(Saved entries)

————

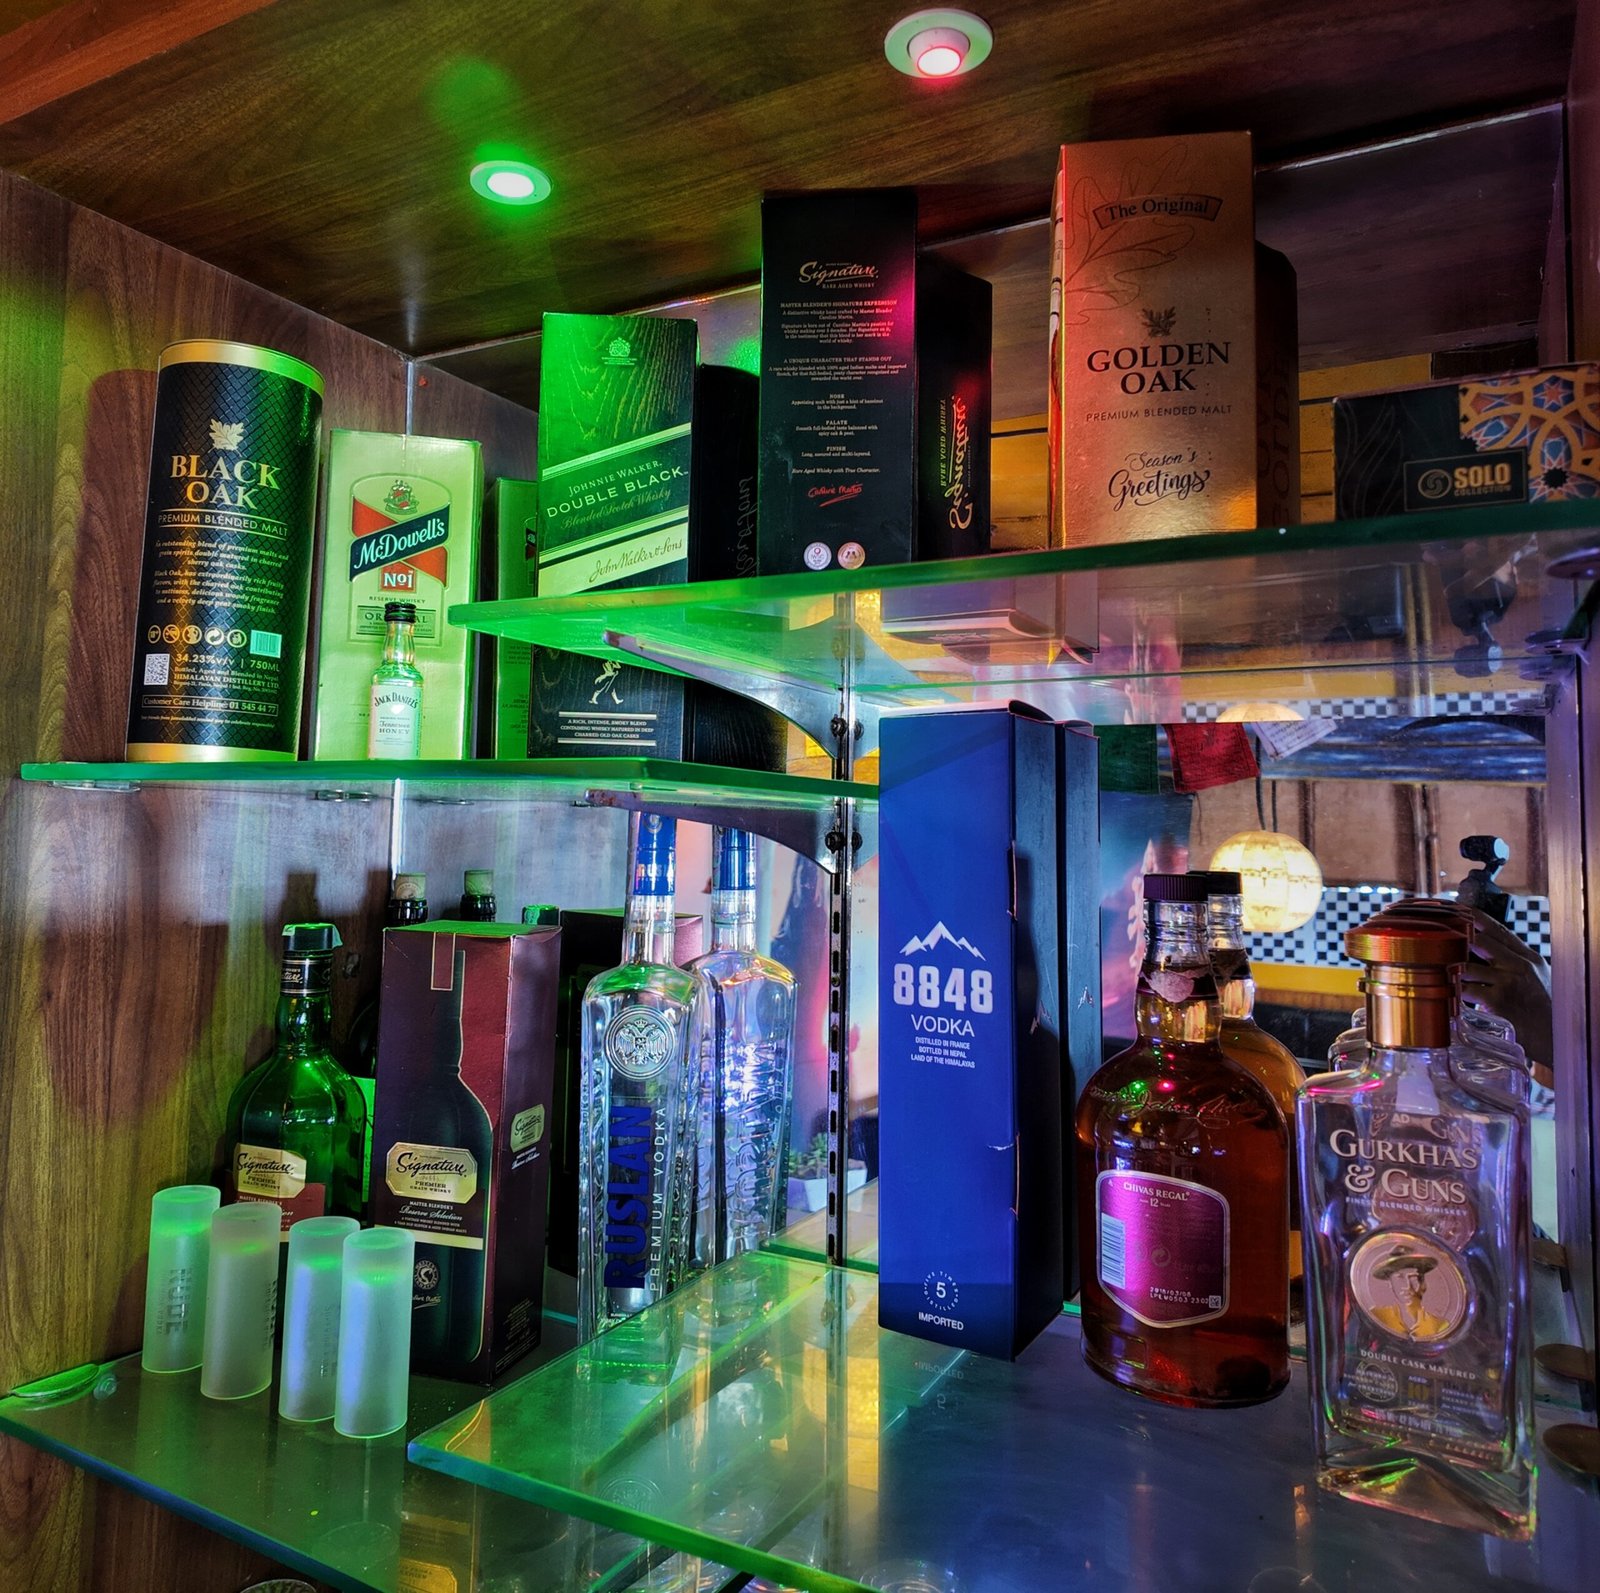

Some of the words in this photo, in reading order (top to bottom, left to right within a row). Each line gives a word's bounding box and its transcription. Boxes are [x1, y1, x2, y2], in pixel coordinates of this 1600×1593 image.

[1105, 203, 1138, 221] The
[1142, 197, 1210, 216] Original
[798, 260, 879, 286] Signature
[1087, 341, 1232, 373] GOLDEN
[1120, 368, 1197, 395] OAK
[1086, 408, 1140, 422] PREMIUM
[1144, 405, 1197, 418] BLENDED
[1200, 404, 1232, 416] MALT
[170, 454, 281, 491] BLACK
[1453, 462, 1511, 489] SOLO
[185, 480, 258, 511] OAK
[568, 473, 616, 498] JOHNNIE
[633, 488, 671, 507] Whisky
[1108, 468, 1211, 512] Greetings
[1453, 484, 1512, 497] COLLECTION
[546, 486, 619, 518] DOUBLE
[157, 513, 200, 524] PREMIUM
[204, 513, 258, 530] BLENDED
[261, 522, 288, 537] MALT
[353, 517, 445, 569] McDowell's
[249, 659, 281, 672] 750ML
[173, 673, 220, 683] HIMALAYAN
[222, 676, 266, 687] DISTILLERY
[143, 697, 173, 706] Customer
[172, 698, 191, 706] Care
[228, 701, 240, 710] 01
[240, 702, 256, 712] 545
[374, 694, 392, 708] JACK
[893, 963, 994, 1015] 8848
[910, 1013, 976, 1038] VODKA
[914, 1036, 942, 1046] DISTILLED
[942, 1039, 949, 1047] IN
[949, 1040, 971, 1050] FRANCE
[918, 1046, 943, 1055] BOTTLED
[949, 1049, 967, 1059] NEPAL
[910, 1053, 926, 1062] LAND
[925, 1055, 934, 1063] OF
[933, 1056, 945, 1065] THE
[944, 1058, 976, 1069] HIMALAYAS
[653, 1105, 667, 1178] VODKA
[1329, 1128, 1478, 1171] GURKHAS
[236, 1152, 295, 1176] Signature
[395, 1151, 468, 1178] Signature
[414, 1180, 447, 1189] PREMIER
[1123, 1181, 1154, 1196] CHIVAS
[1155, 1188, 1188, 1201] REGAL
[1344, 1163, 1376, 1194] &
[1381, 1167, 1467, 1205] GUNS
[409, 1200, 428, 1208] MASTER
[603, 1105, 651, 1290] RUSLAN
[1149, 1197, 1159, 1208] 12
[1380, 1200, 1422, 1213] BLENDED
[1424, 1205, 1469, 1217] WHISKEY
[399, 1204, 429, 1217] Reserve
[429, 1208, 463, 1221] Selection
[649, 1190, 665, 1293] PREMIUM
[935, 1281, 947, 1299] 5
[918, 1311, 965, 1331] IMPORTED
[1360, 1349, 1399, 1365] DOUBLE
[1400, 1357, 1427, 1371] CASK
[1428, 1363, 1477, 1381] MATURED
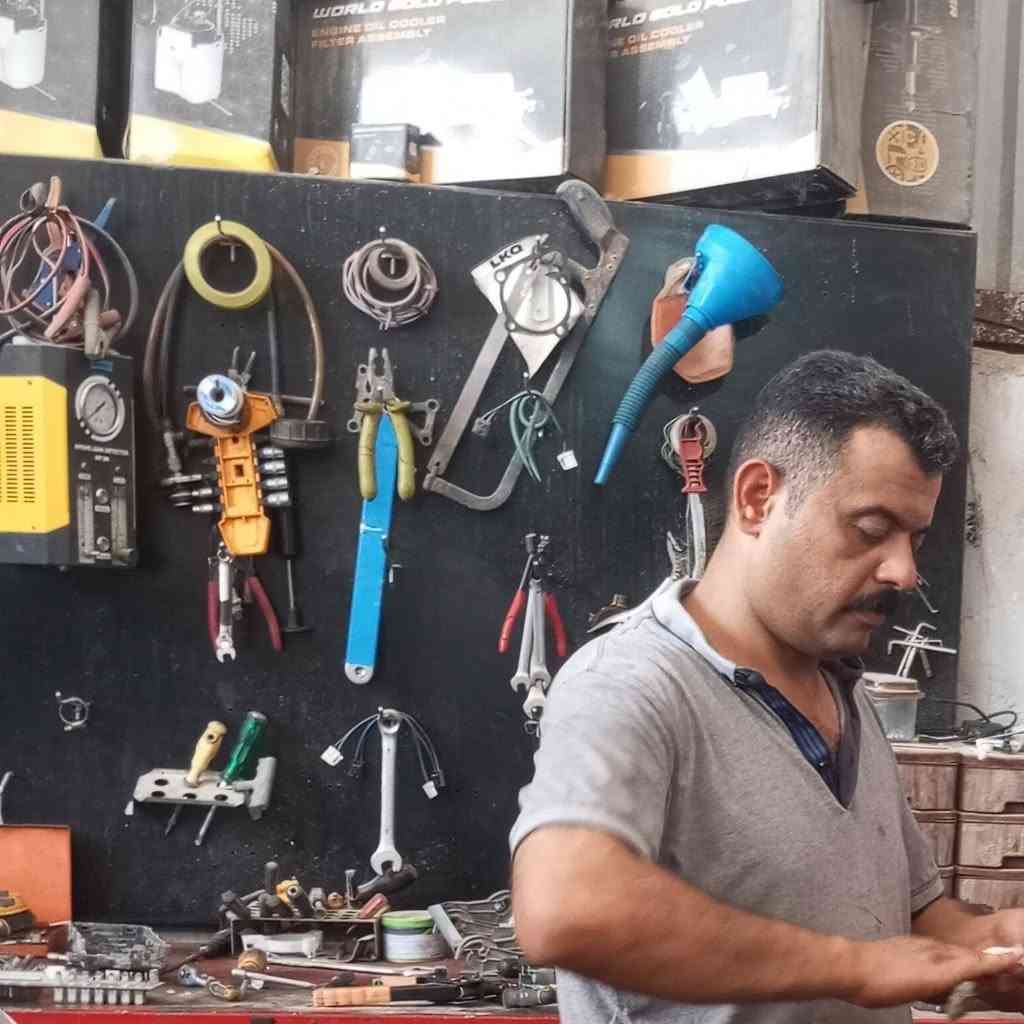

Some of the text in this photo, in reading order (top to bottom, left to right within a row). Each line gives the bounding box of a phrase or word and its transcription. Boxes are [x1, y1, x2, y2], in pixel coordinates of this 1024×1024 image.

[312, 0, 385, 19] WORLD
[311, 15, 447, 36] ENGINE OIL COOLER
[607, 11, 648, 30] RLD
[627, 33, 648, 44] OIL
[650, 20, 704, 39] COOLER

————

● **Work required**
With the pictures left out, return each entry exactly as written.

● **Output for this task**
Some of the words in this photo, in reading order (top to bottom, left to right within a row). Each line gives a word's bounding box and its transcription. Boxes are [x1, y1, x2, y2], in pixel coordinates of this 1600×1593 image.

[1105, 203, 1138, 221] The
[1142, 197, 1210, 216] Original
[798, 260, 879, 286] Signature
[1087, 341, 1232, 373] GOLDEN
[1120, 368, 1197, 395] OAK
[1086, 408, 1140, 422] PREMIUM
[1144, 405, 1197, 418] BLENDED
[1200, 404, 1232, 416] MALT
[170, 454, 281, 491] BLACK
[1453, 462, 1511, 489] SOLO
[185, 480, 258, 511] OAK
[568, 473, 616, 498] JOHNNIE
[633, 488, 671, 507] Whisky
[1108, 468, 1211, 512] Greetings
[1453, 484, 1512, 497] COLLECTION
[546, 486, 619, 518] DOUBLE
[157, 513, 200, 524] PREMIUM
[204, 513, 258, 530] BLENDED
[261, 522, 288, 537] MALT
[353, 517, 445, 569] McDowell's
[249, 659, 281, 672] 750ML
[173, 673, 220, 683] HIMALAYAN
[222, 676, 266, 687] DISTILLERY
[143, 697, 173, 706] Customer
[172, 698, 191, 706] Care
[228, 701, 240, 710] 01
[240, 702, 256, 712] 545
[374, 694, 392, 708] JACK
[893, 963, 994, 1015] 8848
[910, 1013, 976, 1038] VODKA
[914, 1036, 942, 1046] DISTILLED
[942, 1039, 949, 1047] IN
[949, 1040, 971, 1050] FRANCE
[918, 1046, 943, 1055] BOTTLED
[949, 1049, 967, 1059] NEPAL
[910, 1053, 926, 1062] LAND
[925, 1055, 934, 1063] OF
[933, 1056, 945, 1065] THE
[944, 1058, 976, 1069] HIMALAYAS
[653, 1105, 667, 1178] VODKA
[1329, 1128, 1478, 1171] GURKHAS
[236, 1152, 295, 1176] Signature
[395, 1151, 468, 1178] Signature
[414, 1180, 447, 1189] PREMIER
[1123, 1181, 1154, 1196] CHIVAS
[1155, 1188, 1188, 1201] REGAL
[1344, 1163, 1376, 1194] &
[1381, 1167, 1467, 1205] GUNS
[409, 1200, 428, 1208] MASTER
[603, 1105, 651, 1290] RUSLAN
[1149, 1197, 1159, 1208] 12
[1380, 1200, 1422, 1213] BLENDED
[1424, 1205, 1469, 1217] WHISKEY
[399, 1204, 429, 1217] Reserve
[429, 1208, 463, 1221] Selection
[649, 1190, 665, 1293] PREMIUM
[935, 1281, 947, 1299] 5
[918, 1311, 965, 1331] IMPORTED
[1360, 1349, 1399, 1365] DOUBLE
[1400, 1357, 1427, 1371] CASK
[1428, 1363, 1477, 1381] MATURED

Some of the text in this photo, in reading order (top to bottom, left to right within a row). Each line gives the bounding box of a phrase or word and its transcription. Boxes are [x1, y1, x2, y2], in pixel coordinates of this 1024×1024 image.

[312, 0, 385, 19] WORLD
[311, 15, 447, 36] ENGINE OIL COOLER
[607, 11, 648, 30] RLD
[627, 33, 648, 44] OIL
[650, 20, 704, 39] COOLER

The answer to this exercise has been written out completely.